[Records contained in a dataset]
◆ ◆ ◆

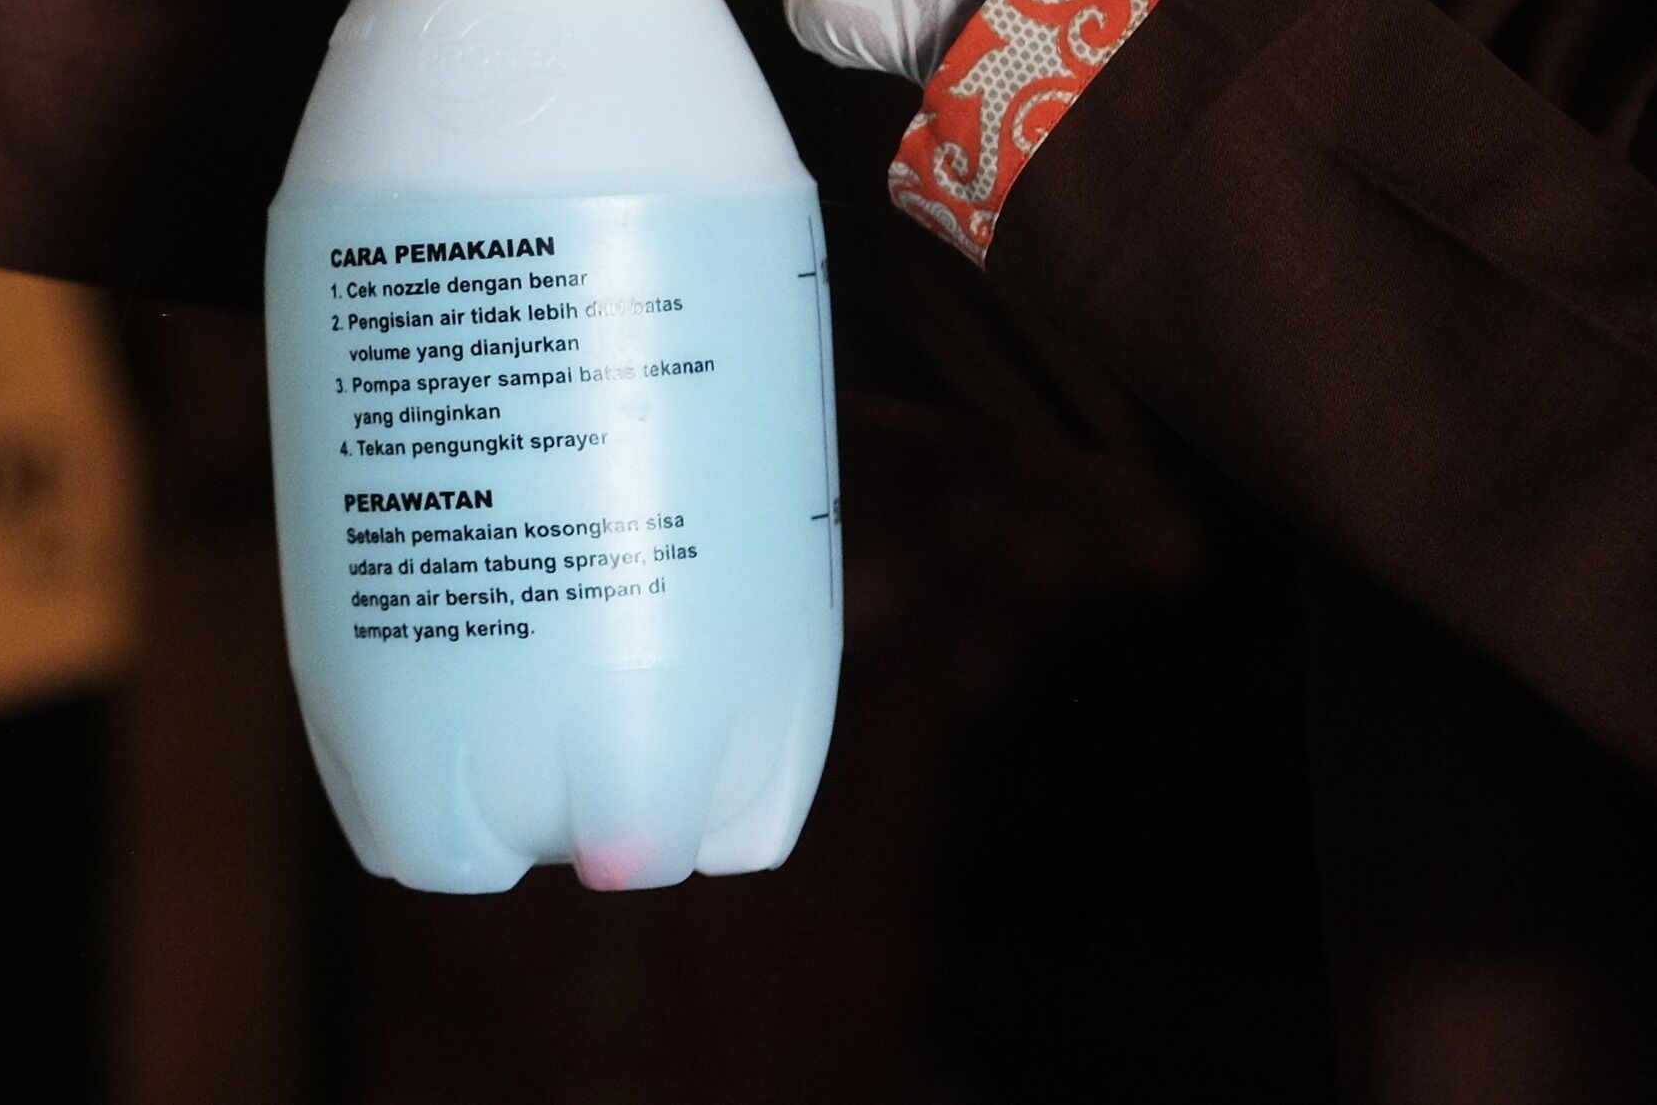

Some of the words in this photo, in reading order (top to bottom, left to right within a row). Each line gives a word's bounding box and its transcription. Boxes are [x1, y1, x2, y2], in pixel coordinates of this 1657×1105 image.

[330, 246, 387, 268] CARA
[395, 236, 555, 264] PEMAKAIAN
[330, 283, 343, 300] 1.
[346, 281, 377, 299] Cek
[383, 278, 441, 297] nozzle
[447, 276, 522, 296] dengan
[529, 272, 588, 289] benar
[348, 310, 434, 333] Pengisian
[440, 309, 465, 326] air
[471, 305, 522, 324] tidak
[528, 302, 579, 321] lebih
[349, 344, 411, 362] volume
[416, 344, 464, 363] yang
[470, 336, 580, 359] dianjurkan
[335, 377, 348, 394] 3.
[352, 376, 411, 395] Pompa
[417, 374, 491, 394] sprayer
[498, 366, 573, 388] sampai
[643, 358, 715, 378] tekanan
[354, 411, 393, 429] yang
[399, 403, 501, 426] diinginkan
[339, 441, 353, 457] 4.
[357, 440, 406, 456] Tekan
[412, 433, 524, 459] pengungkit
[530, 432, 608, 453] sprayer
[344, 489, 494, 513] PERAWATAN
[346, 526, 406, 544] Setelah
[411, 523, 518, 547] pemakaian
[524, 517, 639, 539] kosongkan
[646, 512, 685, 531] sisa
[349, 559, 393, 576] udara
[398, 558, 414, 575] di
[419, 557, 479, 575] dalam
[484, 554, 557, 574] tabung
[563, 550, 646, 571] sprayer,
[653, 544, 698, 562] bilas
[351, 590, 410, 612] dengan
[416, 589, 440, 607] air
[446, 587, 515, 606] bersih,
[521, 586, 559, 603] dan
[566, 583, 642, 602] simpan
[648, 577, 666, 595] di
[354, 623, 409, 643] tempat
[413, 622, 459, 643] yang
[466, 619, 535, 640] kering.

◆ ◆ ◆

▶ Goal of the exercise:
Exactly as written, copy the entries above without their pictures.

▶ Reply to the task:
Some of the words in this photo, in reading order (top to bottom, left to right within a row). Each line gives a word's bounding box and its transcription. Boxes are [x1, y1, x2, y2], in pixel coordinates of this 1657×1105 image.

[330, 246, 387, 268] CARA
[395, 236, 555, 264] PEMAKAIAN
[330, 283, 343, 300] 1.
[346, 281, 377, 299] Cek
[383, 278, 441, 297] nozzle
[447, 276, 522, 296] dengan
[529, 272, 588, 289] benar
[348, 310, 434, 333] Pengisian
[440, 309, 465, 326] air
[471, 305, 522, 324] tidak
[528, 302, 579, 321] lebih
[349, 344, 411, 362] volume
[416, 344, 464, 363] yang
[470, 336, 580, 359] dianjurkan
[335, 377, 348, 394] 3.
[352, 376, 411, 395] Pompa
[417, 374, 491, 394] sprayer
[498, 366, 573, 388] sampai
[643, 358, 715, 378] tekanan
[354, 411, 393, 429] yang
[399, 403, 501, 426] diinginkan
[339, 441, 353, 457] 4.
[357, 440, 406, 456] Tekan
[412, 433, 524, 459] pengungkit
[530, 432, 608, 453] sprayer
[344, 489, 494, 513] PERAWATAN
[346, 526, 406, 544] Setelah
[411, 523, 518, 547] pemakaian
[524, 517, 639, 539] kosongkan
[646, 512, 685, 531] sisa
[349, 559, 393, 576] udara
[398, 558, 414, 575] di
[419, 557, 479, 575] dalam
[484, 554, 557, 574] tabung
[563, 550, 646, 571] sprayer,
[653, 544, 698, 562] bilas
[351, 590, 410, 612] dengan
[416, 589, 440, 607] air
[446, 587, 515, 606] bersih,
[521, 586, 559, 603] dan
[566, 583, 642, 602] simpan
[648, 577, 666, 595] di
[354, 623, 409, 643] tempat
[413, 622, 459, 643] yang
[466, 619, 535, 640] kering.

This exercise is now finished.